How to complete this task → What is needed here is a faithful repeat of every entry, with no character changed.

Data supplied →
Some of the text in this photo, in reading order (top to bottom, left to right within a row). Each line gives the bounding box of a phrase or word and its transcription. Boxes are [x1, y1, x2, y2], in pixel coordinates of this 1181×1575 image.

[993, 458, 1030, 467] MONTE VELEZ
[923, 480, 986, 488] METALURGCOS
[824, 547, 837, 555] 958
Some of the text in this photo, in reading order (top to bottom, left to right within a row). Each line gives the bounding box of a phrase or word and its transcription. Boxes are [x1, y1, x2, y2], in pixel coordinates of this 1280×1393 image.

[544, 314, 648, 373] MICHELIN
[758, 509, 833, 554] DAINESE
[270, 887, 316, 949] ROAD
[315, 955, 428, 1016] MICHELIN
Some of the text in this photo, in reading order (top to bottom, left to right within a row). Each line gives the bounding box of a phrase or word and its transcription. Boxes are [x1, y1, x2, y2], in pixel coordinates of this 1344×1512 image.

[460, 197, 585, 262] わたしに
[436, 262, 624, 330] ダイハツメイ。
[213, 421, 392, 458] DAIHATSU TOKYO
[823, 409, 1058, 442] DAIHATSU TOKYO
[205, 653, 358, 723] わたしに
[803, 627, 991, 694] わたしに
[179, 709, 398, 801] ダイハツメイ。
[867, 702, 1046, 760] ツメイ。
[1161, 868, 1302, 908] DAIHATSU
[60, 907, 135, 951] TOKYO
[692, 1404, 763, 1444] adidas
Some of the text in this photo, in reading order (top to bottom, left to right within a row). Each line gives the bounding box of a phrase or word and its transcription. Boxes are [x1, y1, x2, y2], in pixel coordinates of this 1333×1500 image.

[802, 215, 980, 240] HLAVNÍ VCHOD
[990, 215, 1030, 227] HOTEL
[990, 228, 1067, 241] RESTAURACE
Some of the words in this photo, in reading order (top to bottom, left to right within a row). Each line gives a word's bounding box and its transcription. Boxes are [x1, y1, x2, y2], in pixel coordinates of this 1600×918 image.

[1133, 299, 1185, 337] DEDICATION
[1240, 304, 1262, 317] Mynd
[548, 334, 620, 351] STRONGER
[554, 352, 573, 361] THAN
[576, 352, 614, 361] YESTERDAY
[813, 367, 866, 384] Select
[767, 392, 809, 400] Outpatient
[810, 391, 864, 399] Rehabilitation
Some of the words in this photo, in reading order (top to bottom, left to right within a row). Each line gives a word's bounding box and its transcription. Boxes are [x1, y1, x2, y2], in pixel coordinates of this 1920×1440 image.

Result for this task →
Some of the text in this photo, in reading order (top to bottom, left to right within a row). Each line gives the bounding box of a phrase or word and its transcription. Boxes are [x1, y1, x2, y2], in pixel coordinates of this 1181×1575 image.

[993, 458, 1030, 467] MONTE VELEZ
[923, 480, 986, 488] METALURGCOS
[824, 547, 837, 555] 958
Some of the text in this photo, in reading order (top to bottom, left to right within a row). Each line gives the bounding box of a phrase or word and its transcription. Boxes are [x1, y1, x2, y2], in pixel coordinates of this 1280×1393 image.

[544, 314, 648, 373] MICHELIN
[758, 509, 833, 554] DAINESE
[270, 887, 316, 949] ROAD
[315, 955, 428, 1016] MICHELIN
Some of the text in this photo, in reading order (top to bottom, left to right within a row). Each line gives the bounding box of a phrase or word and its transcription. Boxes are [x1, y1, x2, y2], in pixel coordinates of this 1344×1512 image.

[460, 197, 585, 262] わたしに
[436, 262, 624, 330] ダイハツメイ。
[213, 421, 392, 458] DAIHATSU TOKYO
[823, 409, 1058, 442] DAIHATSU TOKYO
[205, 653, 358, 723] わたしに
[803, 627, 991, 694] わたしに
[179, 709, 398, 801] ダイハツメイ。
[867, 702, 1046, 760] ツメイ。
[1161, 868, 1302, 908] DAIHATSU
[60, 907, 135, 951] TOKYO
[692, 1404, 763, 1444] adidas
Some of the text in this photo, in reading order (top to bottom, left to right within a row). Each line gives the bounding box of a phrase or word and its transcription. Boxes are [x1, y1, x2, y2], in pixel coordinates of this 1333×1500 image.

[802, 215, 980, 240] HLAVNÍ VCHOD
[990, 215, 1030, 227] HOTEL
[990, 228, 1067, 241] RESTAURACE
Some of the words in this photo, in reading order (top to bottom, left to right within a row). Each line gives a word's bounding box and its transcription. Boxes are [x1, y1, x2, y2], in pixel coordinates of this 1600×918 image.

[1133, 299, 1185, 337] DEDICATION
[1240, 304, 1262, 317] Mynd
[548, 334, 620, 351] STRONGER
[554, 352, 573, 361] THAN
[576, 352, 614, 361] YESTERDAY
[813, 367, 866, 384] Select
[767, 392, 809, 400] Outpatient
[810, 391, 864, 399] Rehabilitation
Some of the words in this photo, in reading order (top to bottom, left to right within a row). Each line gives a word's bounding box and its transcription. Boxes are [x1, y1, x2, y2], in pixel coordinates of this 1920×1440 image.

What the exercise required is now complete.